*** Extracted information ***

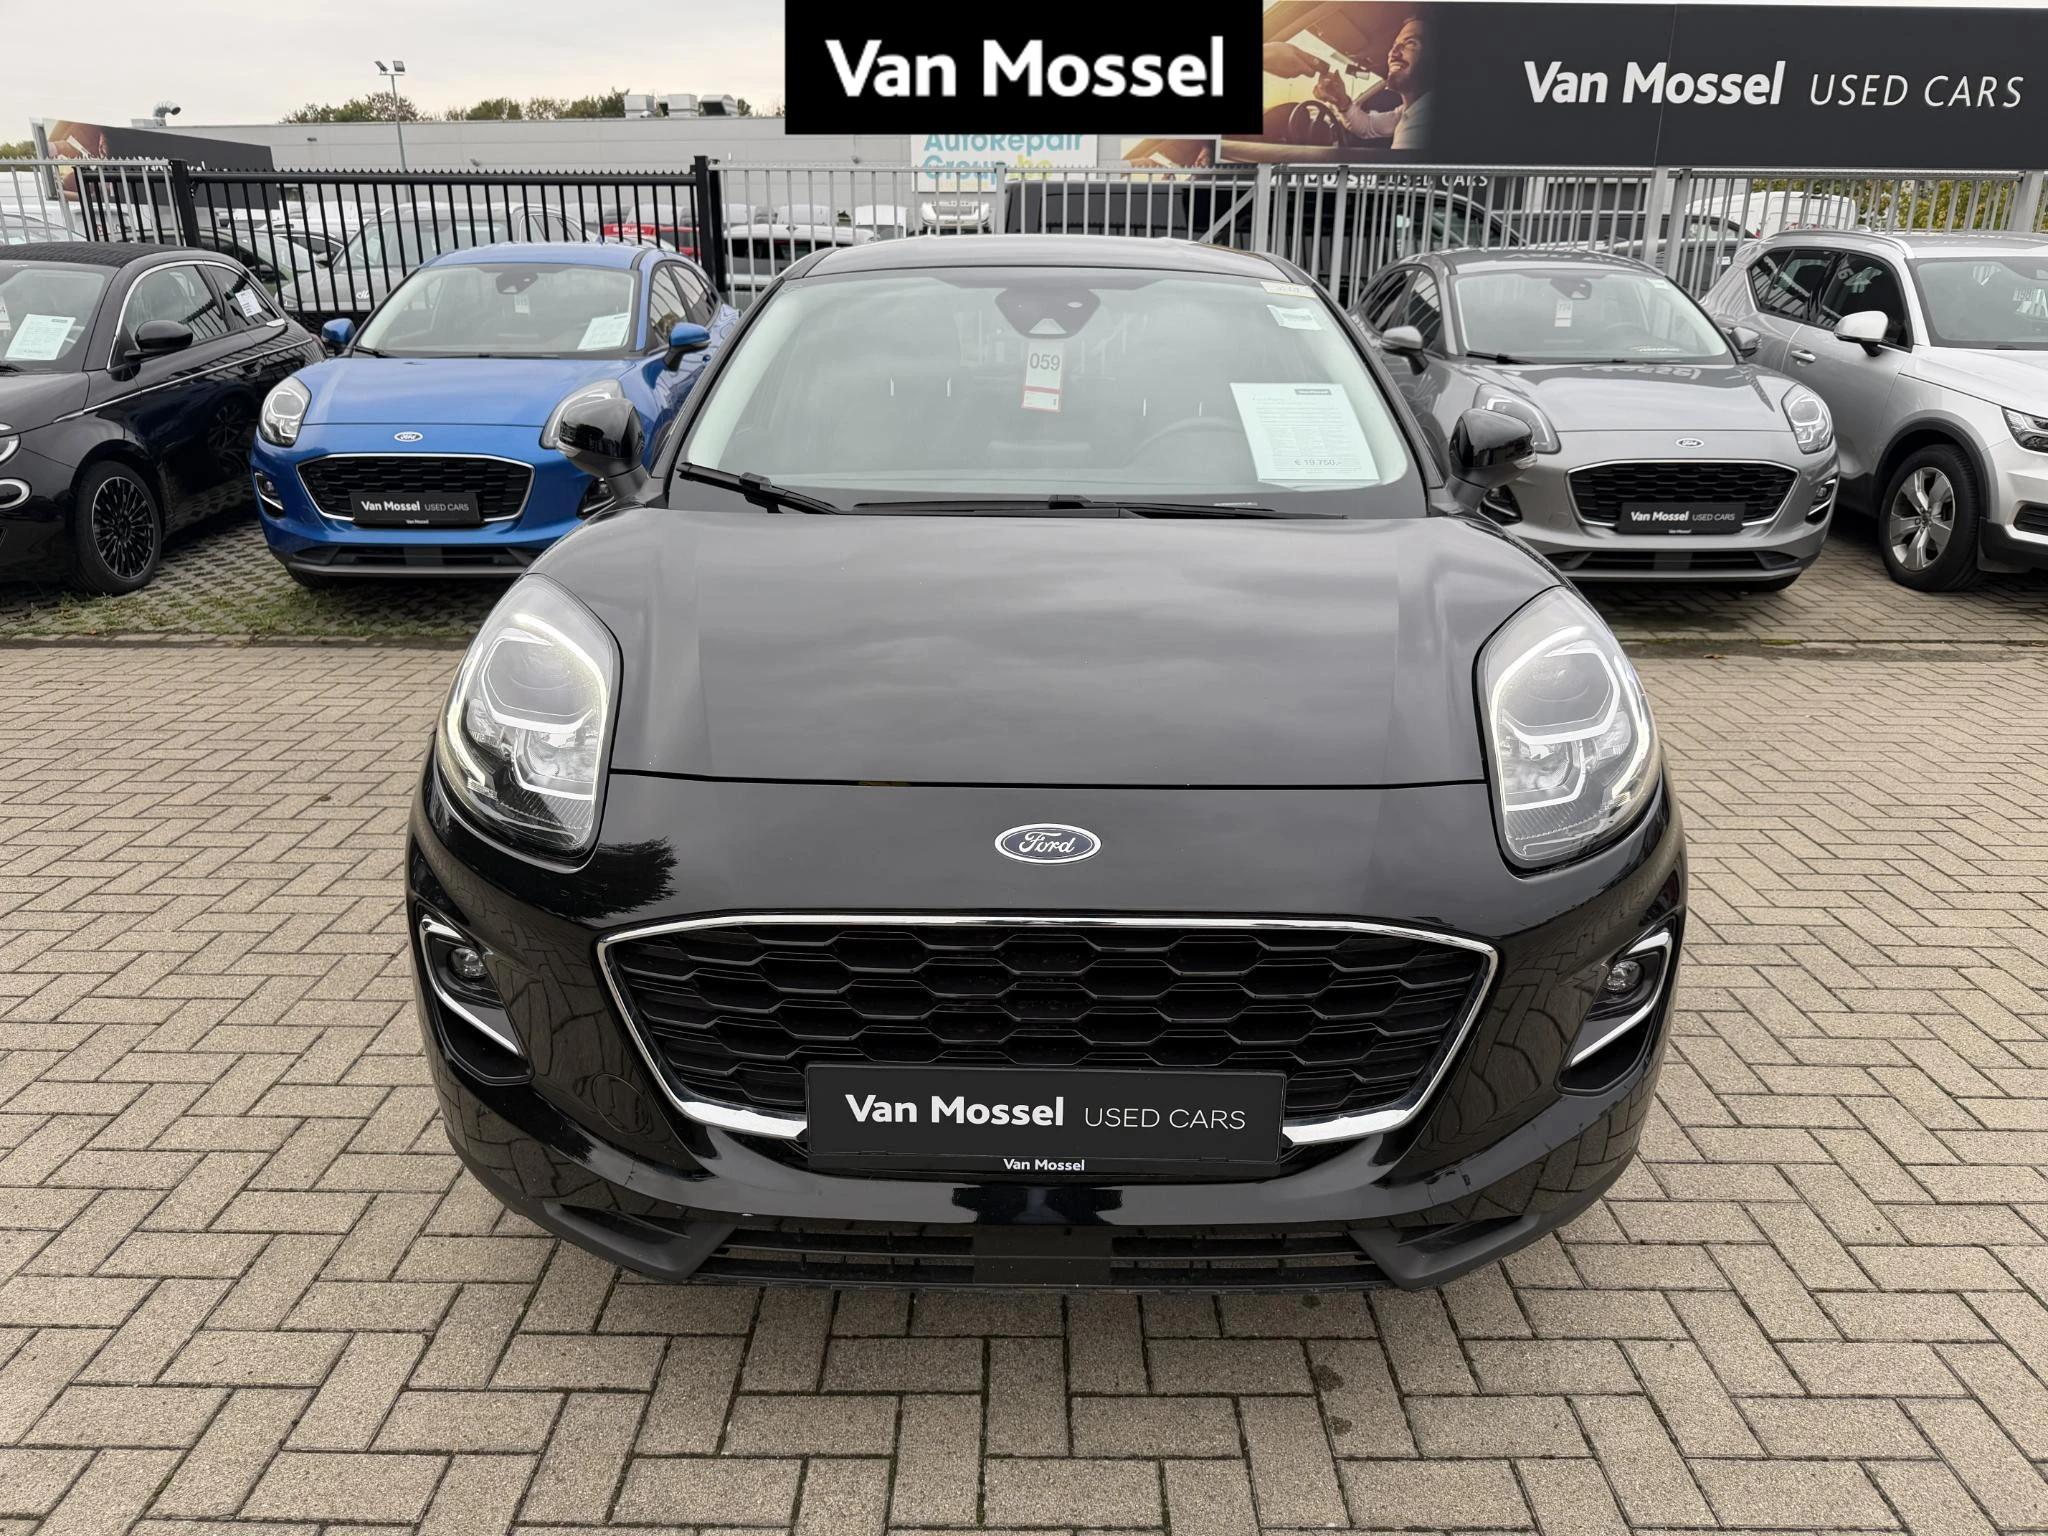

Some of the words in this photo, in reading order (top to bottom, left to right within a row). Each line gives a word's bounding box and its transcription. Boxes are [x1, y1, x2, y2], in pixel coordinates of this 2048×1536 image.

[1523, 60, 1609, 104] Van
[1622, 60, 1786, 106] Mossel
[1810, 73, 1909, 107] USED
[1924, 75, 2025, 109] CARS
[1029, 352, 1061, 371] 059
[361, 501, 382, 511] Van
[384, 501, 420, 511] Mossel
[424, 503, 447, 511] USED
[447, 503, 470, 511] CARS
[1631, 511, 1651, 521] Van
[1652, 511, 1690, 521] Mossel
[1692, 513, 1714, 521] USED
[1714, 513, 1736, 521] CARS
[1018, 831, 1077, 853] Ford
[844, 1093, 918, 1124] Van
[931, 1095, 1064, 1127] Mossel
[1085, 1106, 1160, 1129] USED
[1169, 1107, 1247, 1131] CARS
[1003, 1158, 1031, 1171] Van
[1035, 1158, 1086, 1172] Mossel

*** End of Extracted information ***

What the task asks: All entries should be reproduced exactly; no picture belongs in the result.

Completed task:
Some of the words in this photo, in reading order (top to bottom, left to right within a row). Each line gives a word's bounding box and its transcription. Boxes are [x1, y1, x2, y2], in pixel coordinates of this 2048×1536 image.

[1523, 60, 1609, 104] Van
[1622, 60, 1786, 106] Mossel
[1810, 73, 1909, 107] USED
[1924, 75, 2025, 109] CARS
[1029, 352, 1061, 371] 059
[361, 501, 382, 511] Van
[384, 501, 420, 511] Mossel
[424, 503, 447, 511] USED
[447, 503, 470, 511] CARS
[1631, 511, 1651, 521] Van
[1652, 511, 1690, 521] Mossel
[1692, 513, 1714, 521] USED
[1714, 513, 1736, 521] CARS
[1018, 831, 1077, 853] Ford
[844, 1093, 918, 1124] Van
[931, 1095, 1064, 1127] Mossel
[1085, 1106, 1160, 1129] USED
[1169, 1107, 1247, 1131] CARS
[1003, 1158, 1031, 1171] Van
[1035, 1158, 1086, 1172] Mossel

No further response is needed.